**REQUIRED WORK**
The answer must be an exact copy of the records below, with every picture left out.

**** INPUT FOR THIS TASK ****

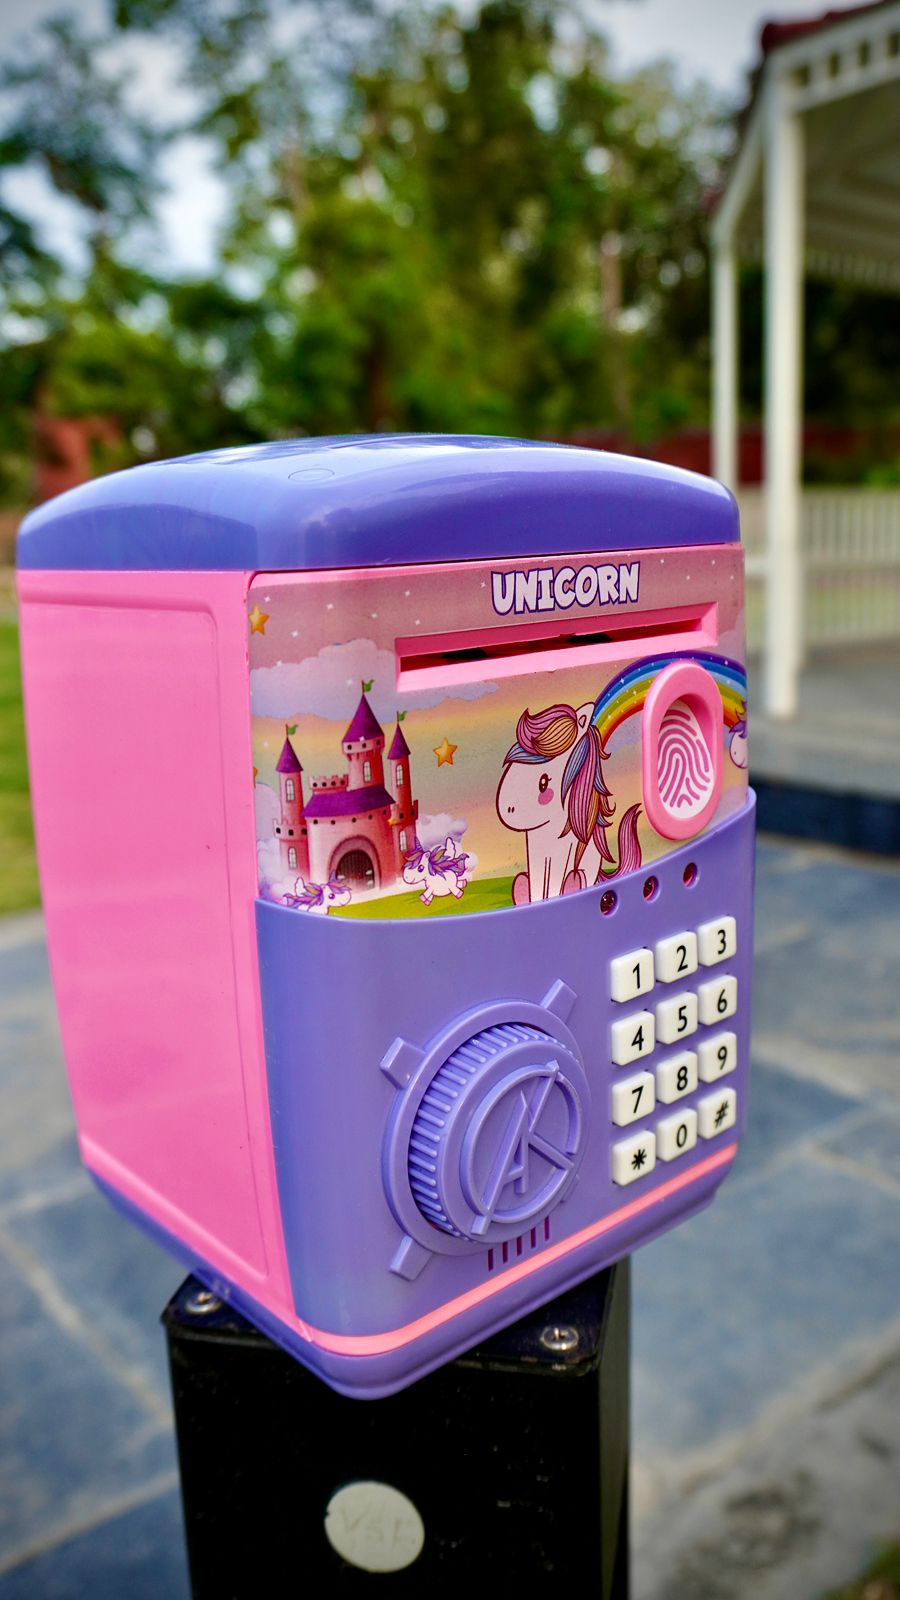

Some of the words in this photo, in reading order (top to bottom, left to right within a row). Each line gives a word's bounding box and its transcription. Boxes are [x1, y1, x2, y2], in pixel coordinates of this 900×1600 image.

[491, 561, 641, 616] UNICORN
[632, 962, 641, 989] 1
[676, 945, 688, 972] 2
[717, 929, 727, 955] 3
[631, 1025, 645, 1051] 4
[677, 1005, 687, 1032] 5
[717, 989, 728, 1014] 6
[631, 1086, 645, 1114] 7
[677, 1066, 688, 1091] 8
[717, 1046, 728, 1071] 9
[676, 1124, 687, 1148] 0
[714, 1100, 729, 1127] #
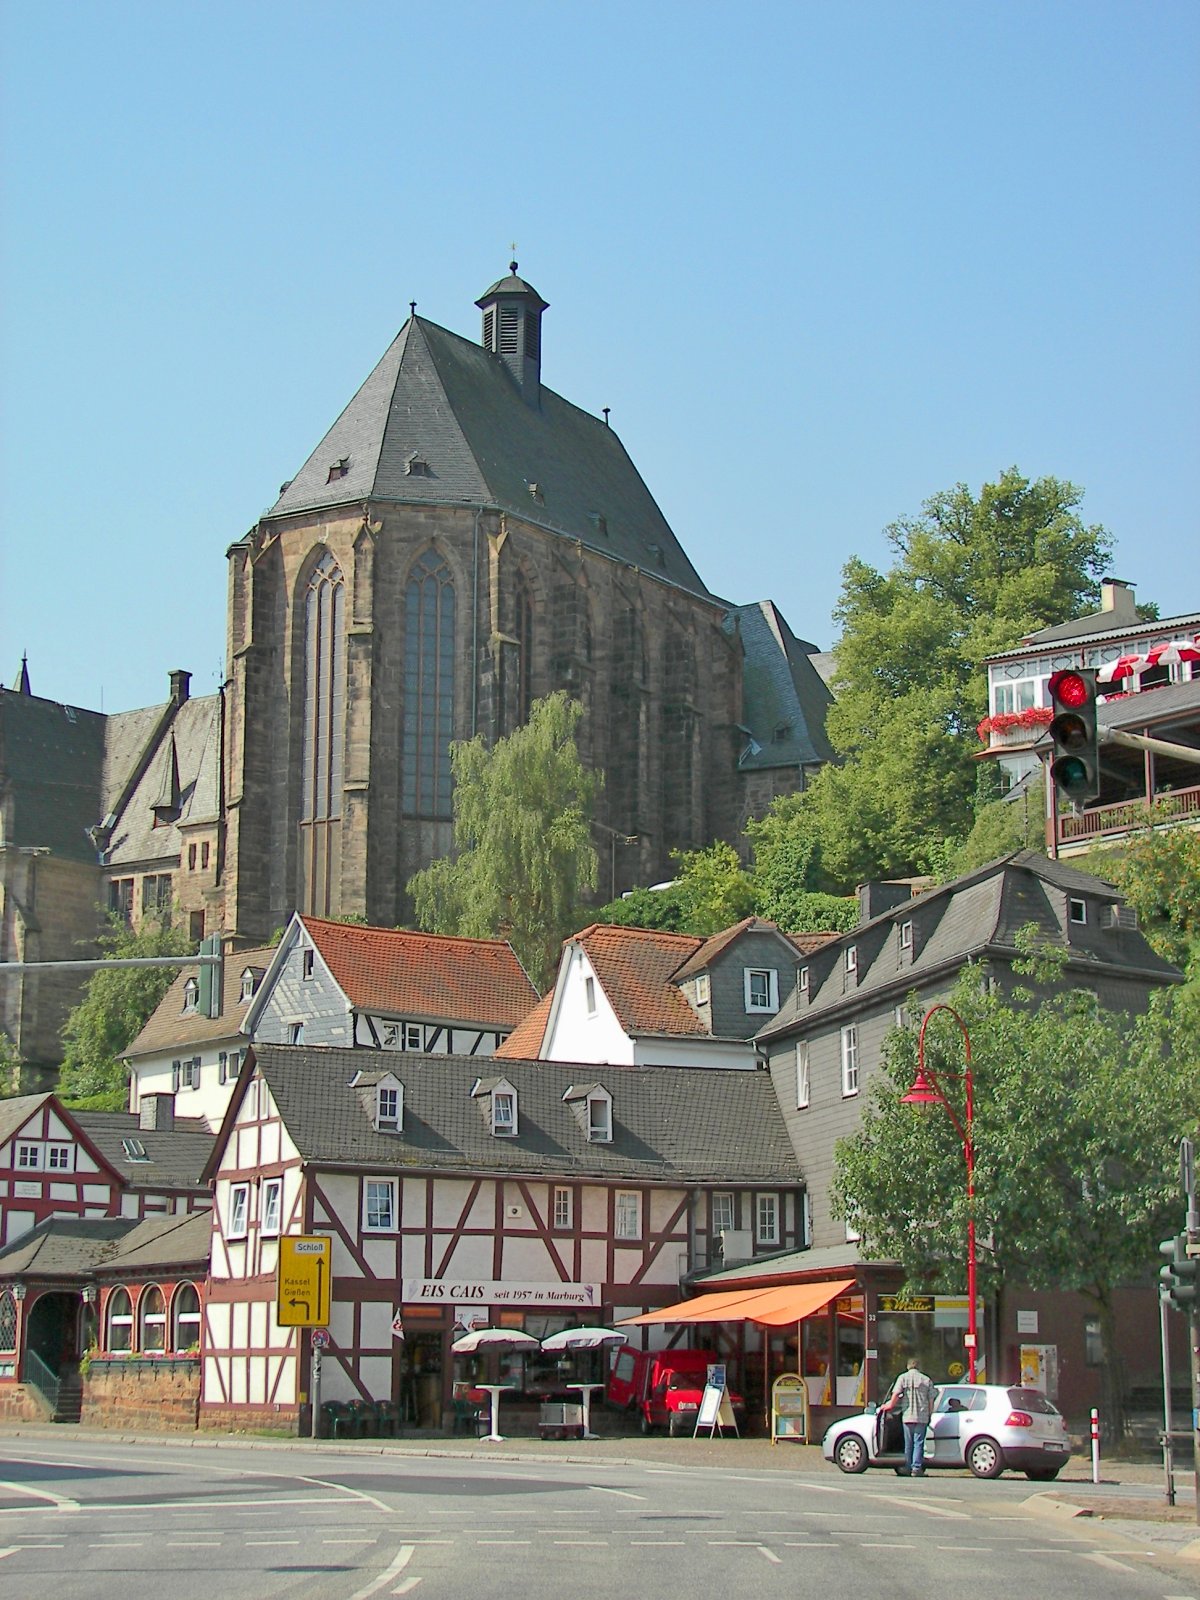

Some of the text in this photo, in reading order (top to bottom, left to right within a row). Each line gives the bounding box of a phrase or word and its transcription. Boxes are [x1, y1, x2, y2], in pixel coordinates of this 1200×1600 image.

[297, 1243, 323, 1251] Schloß
[284, 1278, 310, 1286] Kassel
[284, 1288, 311, 1296] Gießen
[421, 1284, 485, 1299] EIS CAIS
[493, 1290, 584, 1302] seit 1957 in Marburg
[893, 1299, 932, 1310] Müller

****

**WRITTEN RESPONSE**
Some of the words in this photo, in reading order (top to bottom, left to right within a row). Each line gives a word's bounding box and its transcription. Boxes are [x1, y1, x2, y2], in pixel coordinates of this 900×1600 image.

[491, 561, 641, 616] UNICORN
[632, 962, 641, 989] 1
[676, 945, 688, 972] 2
[717, 929, 727, 955] 3
[631, 1025, 645, 1051] 4
[677, 1005, 687, 1032] 5
[717, 989, 728, 1014] 6
[631, 1086, 645, 1114] 7
[677, 1066, 688, 1091] 8
[717, 1046, 728, 1071] 9
[676, 1124, 687, 1148] 0
[714, 1100, 729, 1127] #

Some of the text in this photo, in reading order (top to bottom, left to right within a row). Each line gives the bounding box of a phrase or word and its transcription. Boxes are [x1, y1, x2, y2], in pixel coordinates of this 1200×1600 image.

[297, 1243, 323, 1251] Schloß
[284, 1278, 310, 1286] Kassel
[284, 1288, 311, 1296] Gießen
[421, 1284, 485, 1299] EIS CAIS
[493, 1290, 584, 1302] seit 1957 in Marburg
[893, 1299, 932, 1310] Müller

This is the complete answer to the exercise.